All lines from the one that contains "Some of the words" through the final line of the entries must be repeated exactly. No other lines belong in the output.

Data entries:
┄┄┄┄┄┄┄┄┄┄┄┄┄┄┄┄┄┄┄┄
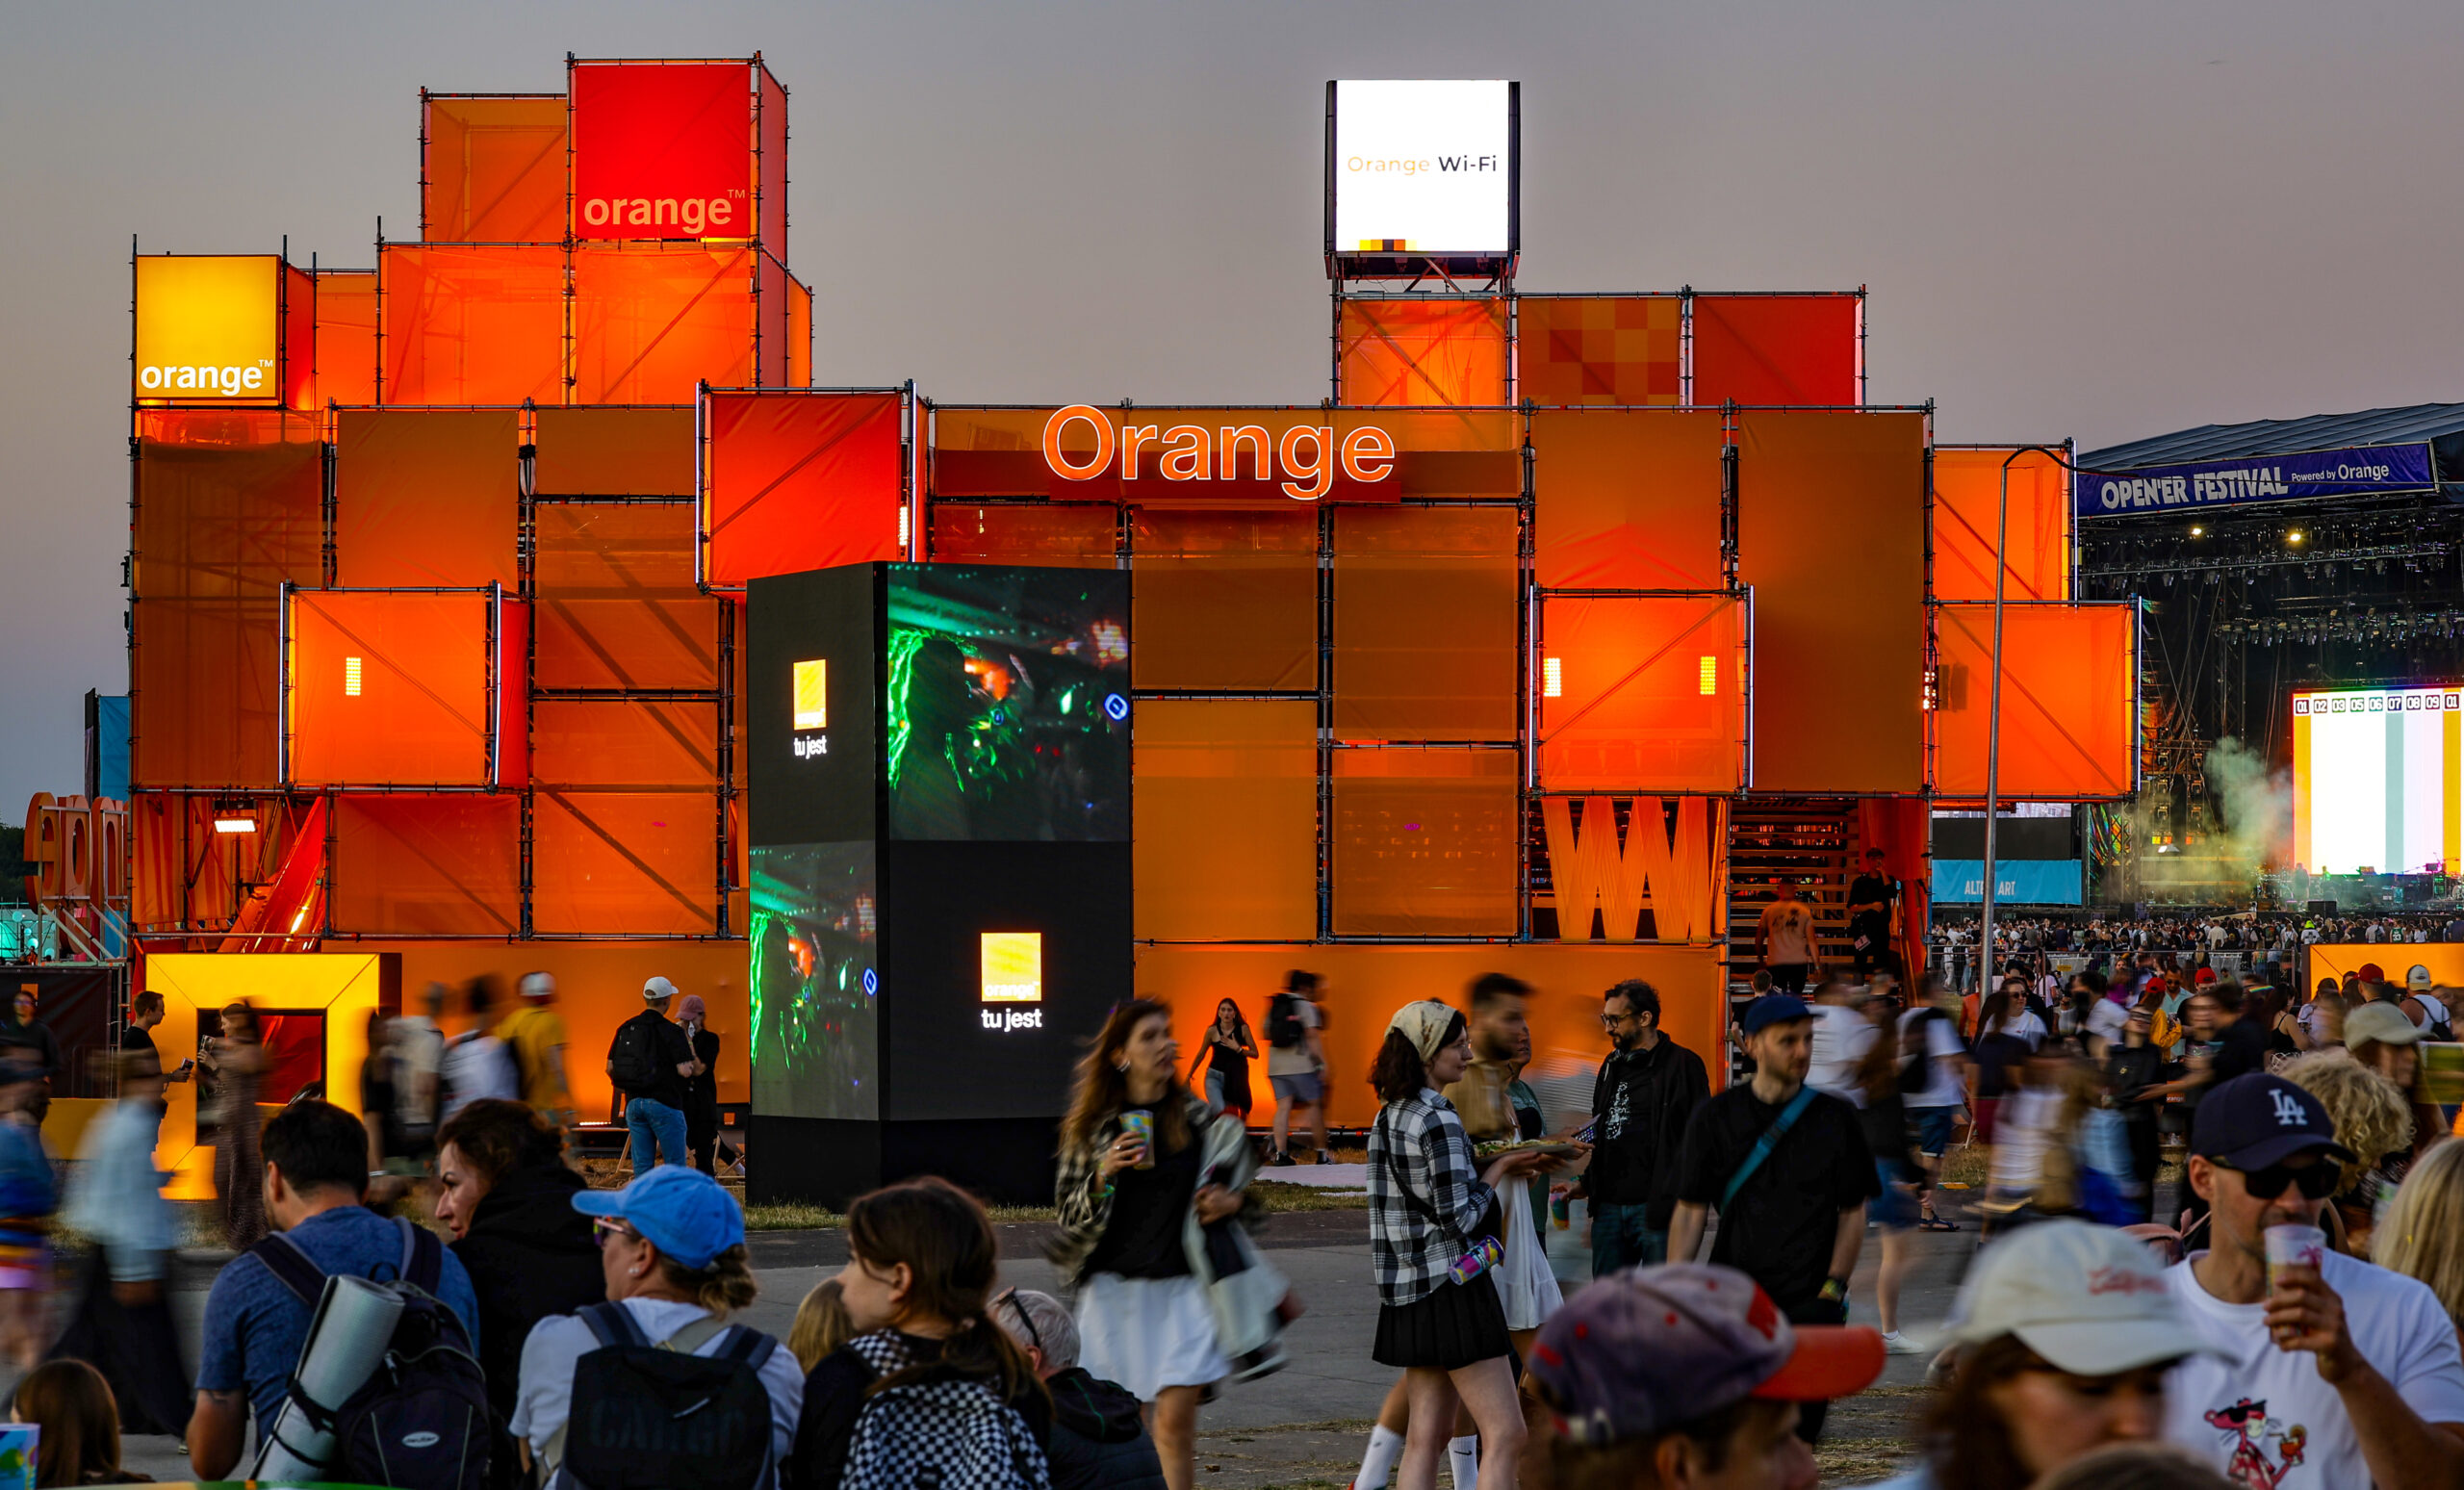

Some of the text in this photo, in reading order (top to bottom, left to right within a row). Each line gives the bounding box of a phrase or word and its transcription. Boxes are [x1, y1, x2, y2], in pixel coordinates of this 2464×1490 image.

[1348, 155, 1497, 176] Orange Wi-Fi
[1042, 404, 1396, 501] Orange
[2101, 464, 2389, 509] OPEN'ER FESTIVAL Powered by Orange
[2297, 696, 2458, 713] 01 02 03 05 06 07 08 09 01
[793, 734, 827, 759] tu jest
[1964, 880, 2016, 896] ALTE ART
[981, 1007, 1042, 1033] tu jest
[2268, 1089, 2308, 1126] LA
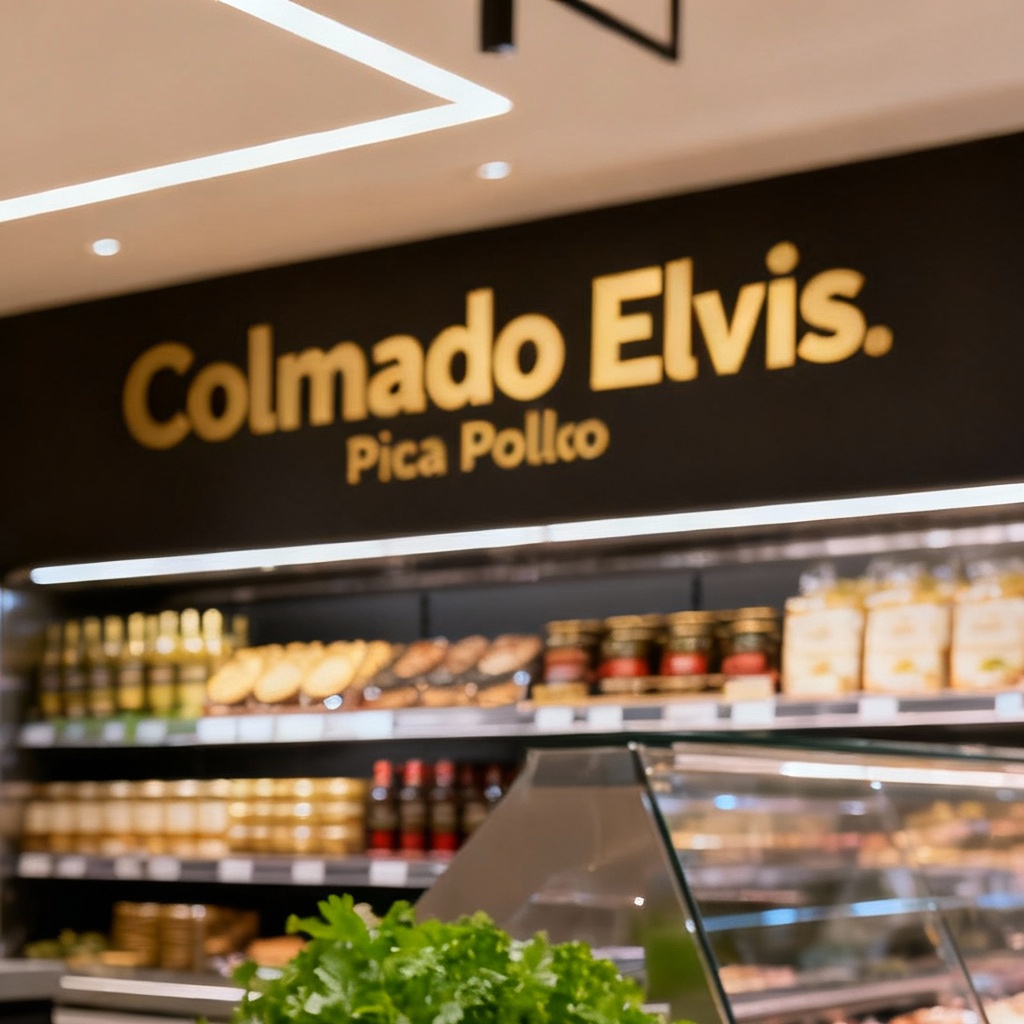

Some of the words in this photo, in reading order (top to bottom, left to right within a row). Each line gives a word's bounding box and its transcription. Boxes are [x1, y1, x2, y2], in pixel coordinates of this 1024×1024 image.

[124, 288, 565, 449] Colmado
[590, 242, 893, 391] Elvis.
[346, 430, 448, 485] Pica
┄┄┄┄┄┄┄┄┄┄┄┄┄┄┄┄┄┄┄┄
**Task solution:**
Some of the words in this photo, in reading order (top to bottom, left to right within a row). Each line gives a word's bounding box and its transcription. Boxes are [x1, y1, x2, y2], in pixel coordinates of this 1024×1024 image.

[124, 288, 565, 449] Colmado
[590, 242, 893, 391] Elvis.
[346, 430, 448, 485] Pica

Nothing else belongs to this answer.